» What this task involves
Output the records precisely as they stand. Pictures are to be skipped.

====== Material for the task ======

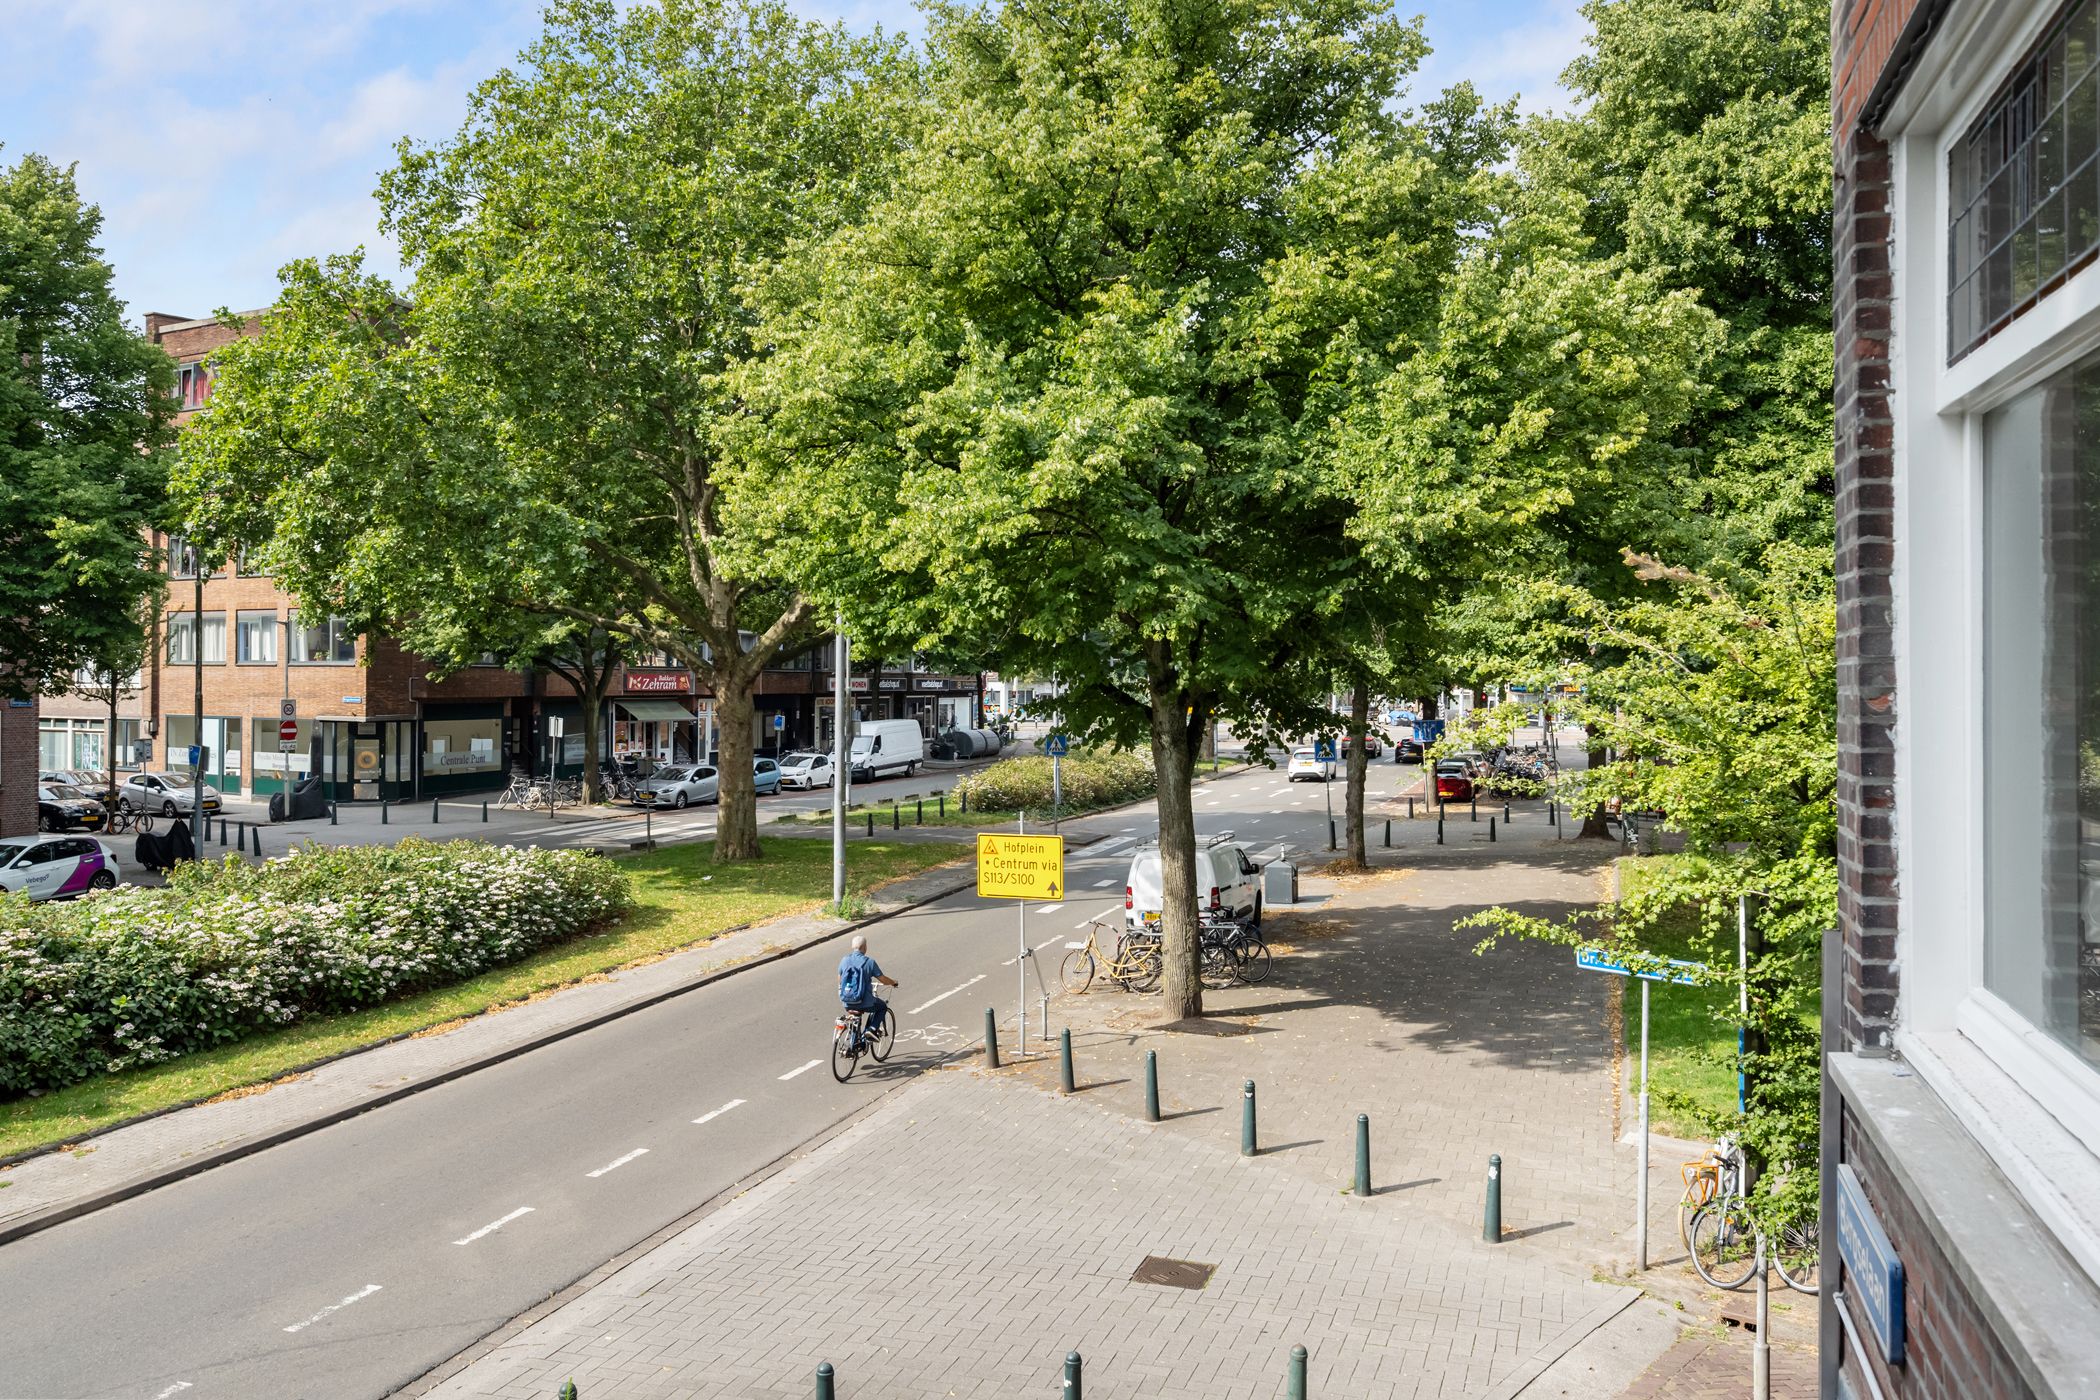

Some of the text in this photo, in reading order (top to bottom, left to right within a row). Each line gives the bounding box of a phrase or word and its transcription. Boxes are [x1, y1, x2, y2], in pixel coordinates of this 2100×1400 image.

[642, 678, 677, 690] Zehram
[441, 754, 486, 766] Centrale Punt
[1004, 842, 1044, 854] Hofplein
[993, 857, 1057, 871] Centrum via
[25, 875, 47, 884] Vebego
[983, 872, 1035, 885] S113/S100
[1840, 1194, 1886, 1323] Bergselaan

======

» Solution for this exercise
Some of the text in this photo, in reading order (top to bottom, left to right within a row). Each line gives the bounding box of a phrase or word and its transcription. Boxes are [x1, y1, x2, y2], in pixel coordinates of this 2100×1400 image.

[642, 678, 677, 690] Zehram
[441, 754, 486, 766] Centrale Punt
[1004, 842, 1044, 854] Hofplein
[993, 857, 1057, 871] Centrum via
[25, 875, 47, 884] Vebego
[983, 872, 1035, 885] S113/S100
[1840, 1194, 1886, 1323] Bergselaan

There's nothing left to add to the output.